World Serie of Poker- Geschichte
Im Sommer 1949 bat ein Spieler namens Nicholas „Nick the Greek“ Dandalos auf den späteren Besitzer des Binion´s Horseshoe, Benny Binion, um einen Gefallen. „Nick the Greek“ wollte einen Poker Marathon veranstalten um so den besten Pokerspieler der Welt zu ermitteln.
Benny Binion nahm sich der Aufgabe an und organisierte einen 5monatigen Poker Marathon, dessen einzige Bedingung war, dass Zuschauer anwesend sein durften. Pausen wurden lediglich zum schlafen gemacht. Dandalos und der legendäre Johnny Moss spielten während dieser 5 Monate alle nur erdenklichen Formen des Pokers und schließlich ging Johnny Moss als Sieger aus dem Marathon hervor.

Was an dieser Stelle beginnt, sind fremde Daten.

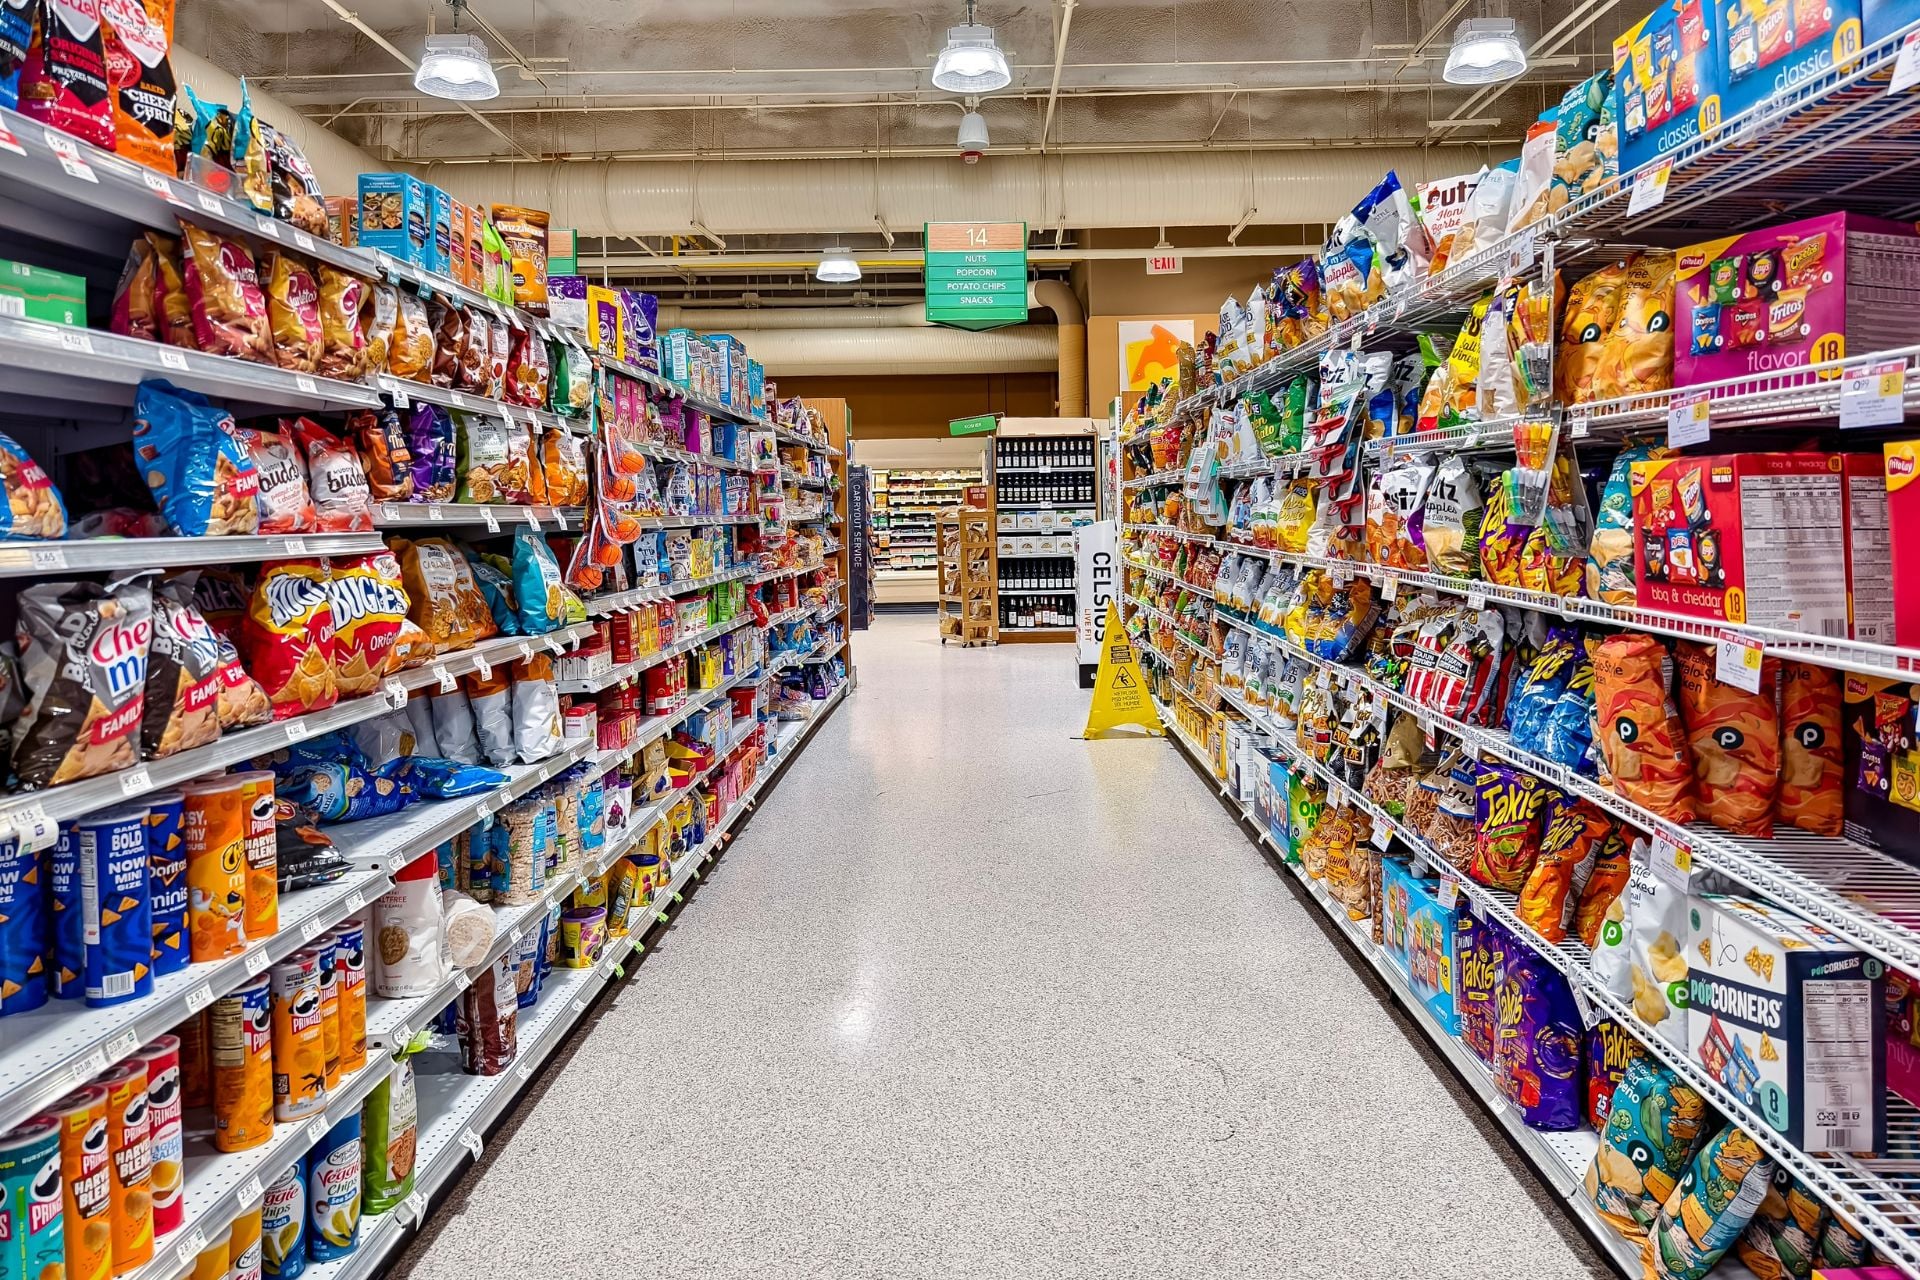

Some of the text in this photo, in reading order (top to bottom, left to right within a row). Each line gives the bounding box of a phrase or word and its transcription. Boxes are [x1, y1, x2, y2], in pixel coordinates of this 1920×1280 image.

[1840, 27, 1855, 57] 18
[1775, 49, 1829, 91] classic
[1704, 102, 1716, 127] 18
[1658, 118, 1697, 152] classic
[966, 228, 988, 246] 14
[1790, 243, 1819, 270] Cheetos
[956, 268, 997, 276] POPCORN
[947, 282, 1006, 290] POTATO CHIPS
[960, 296, 993, 304] SNACKS
[1771, 300, 1803, 324] Fritos
[1747, 350, 1806, 371] flavor
[1818, 340, 1839, 361] 18
[852, 484, 861, 529] CARRYOUT
[853, 531, 862, 568] SERVICE
[326, 576, 409, 630] BUGLES
[1652, 587, 1722, 608] bbq & cheddar
[1729, 592, 1741, 613] 18
[1480, 784, 1546, 833] Takis
[111, 830, 142, 851] BOLD
[108, 856, 146, 875] NOW
[114, 869, 143, 885] MINI
[1461, 949, 1496, 993] Takis
[1869, 961, 1877, 973] 8
[1769, 1088, 1779, 1114] 8
[327, 1177, 358, 1196] Chips
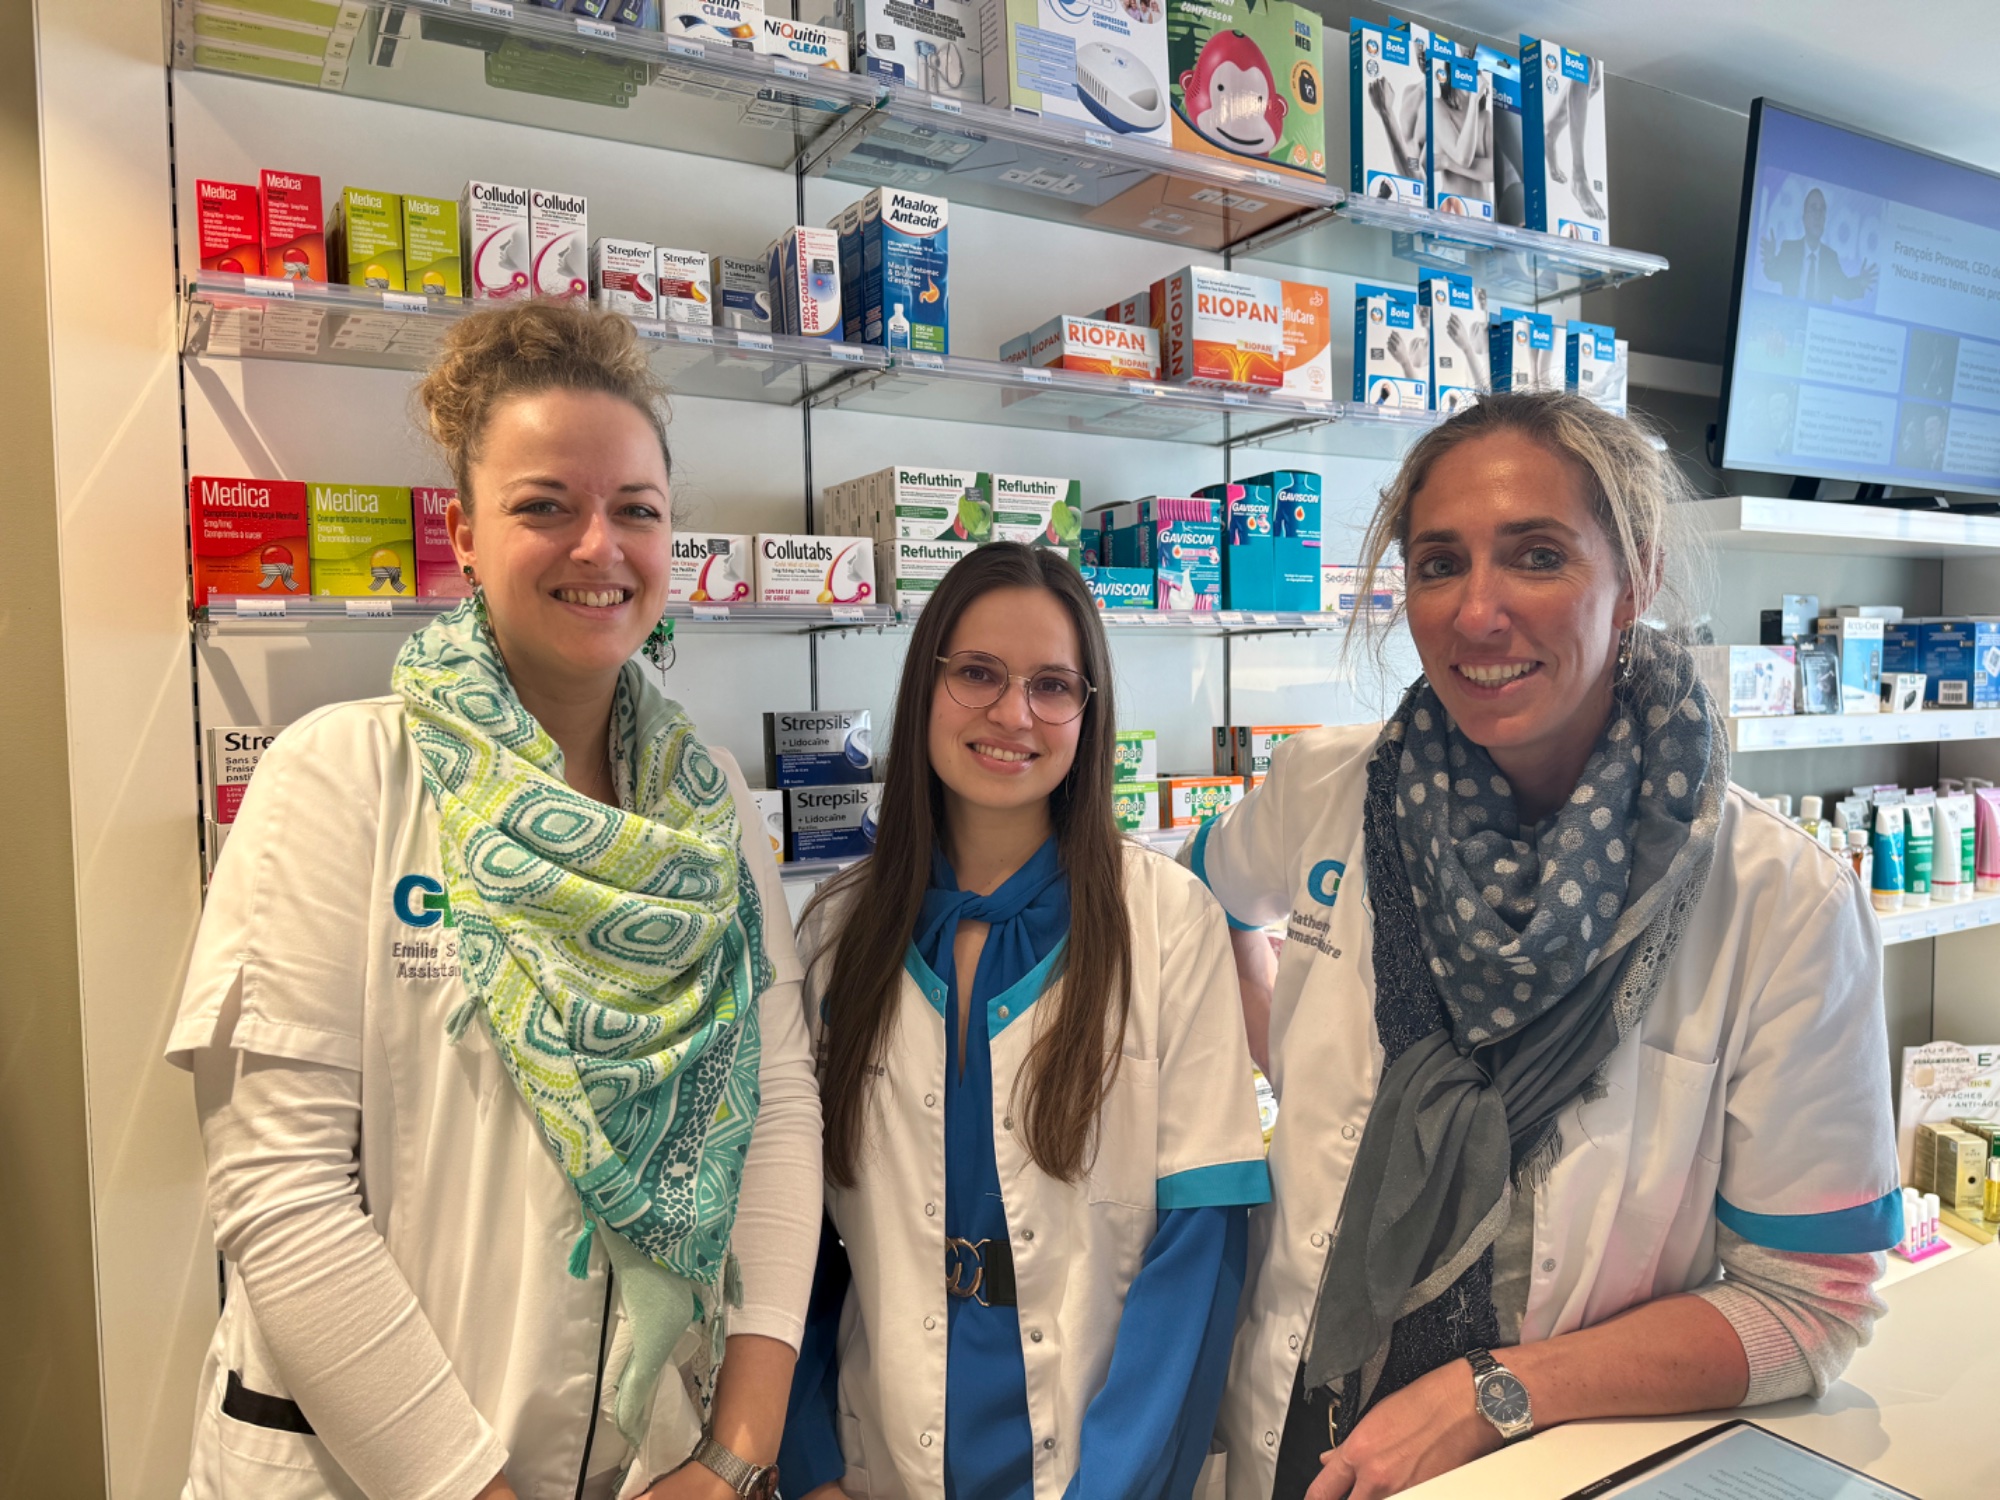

Die Zuschauer begeisterten sich während des Events immer mehr fürs Pokern und so organisierte Binion, der im Laufe des Turniers immer mehr an Popularität gewonnen hat, 1970 ein weiteres Turnier welches unter dem Namen „Wolrd Series of Poker“ bekannt wurde und heute noch ist. Ziel dieses Turnier war es die Giganten des Pokers an einen Tisch zu bekommen und den „World Champion“ zu ermitteln.
Als bester Spieler erwies sich wie schon 1949 Johnny Moss. Anders als schon im darauf folgendem Jahr wählten die Spieler 1949 den Sieger selbst, schon im darauf folgendem Jahr führt man ein, dass der Spieler der keine Chips mehr vor sicht hatte aus dem Turnier ausschied, es gewann also der, der als letzter noch Chips vor sich hatte. Doch auch im darauf folgenden Jahr 1971, konnte Johnny Moss seinen Titel verteidigen und wurde zum 3. Mal „World Champion“.
1972 dann stand ein anderer auf dem Siegerpodest ganz oben.
Thomas Preston, auch bekannt als „Amarillo Slim“ gewann die „World Series of Poker und steigerte durch seine Auftritt im Fernsehen die Popularität des Turniers.
Während Amarillo 1973 noch von 50 Teilnehmern träumte, stiegen die Teilnehmerzahlen rasanter als sich das Benny Binion, der 1989 starb, in seinen kühnsten Träumen erhofft hätte.
Nachdem 1982 52 Spieler an der WSOP teilnahmen, waren es fünf Jahre später schon 2.141. Im Jahr 2002 nahmen sogar 7.595 Spieler an dem Main Event, dem letzten Turnier einer jeden WSOP teil, und zahlreichen Nebenveranstaltungen teil. Doch, dass sollte noch längst nicht das Ende der Fahnenstange sein.
2003 bezahlten 839 Spieler die $10.000 Buy-In für das Main Event. Mit Chris Moneymaker gewann in diesem Jahr zum ersten Mal ein Amateurspieler das Main Event.
Chris Moneymaker hatte sich über Online- Poker Seite qualifiziert und löst mit seinem Sieg einen wahren Poker Boom aus. Pokern wurde Salonfähig.
In dem darauf folgenden Jahr kauften sich mehr als doppelt soviel Spieler beim Main Event ein wie noch im Vorjahr. 2.567 Teilnehmer spielten um $5.000.000, die am Ende Greg „Fossilman“ Raymer, der ebenso wie Chris Moneymaker sich über ein Online- Poker- Turnier qualifizierte, sein Markenzeichen eine holographische Sonnenbrille ist, mit nach Hause.
2005 verdoppelte sich das Teilnehmerfeld des Main Events noch einmal auf 5.619 Spieler.
Joe Hachem, der die $10.000 Buy- In aus eigener Tasche bezahlte, nahm in diesem Jahr die $7.500.000 Preisgeld mit nach Hause.
Im letzten Jahr, 2006, sicherte sich dann der Fernsehproduzent und seit 2005 regelmäßiger Teilnehmer der WSOP Turniere, das Rekordpreisgeld von $12.000.000. Er setzte sich gegen 8.772 Spieler durch und ist in diesem Jahr somit Titelverteidiger.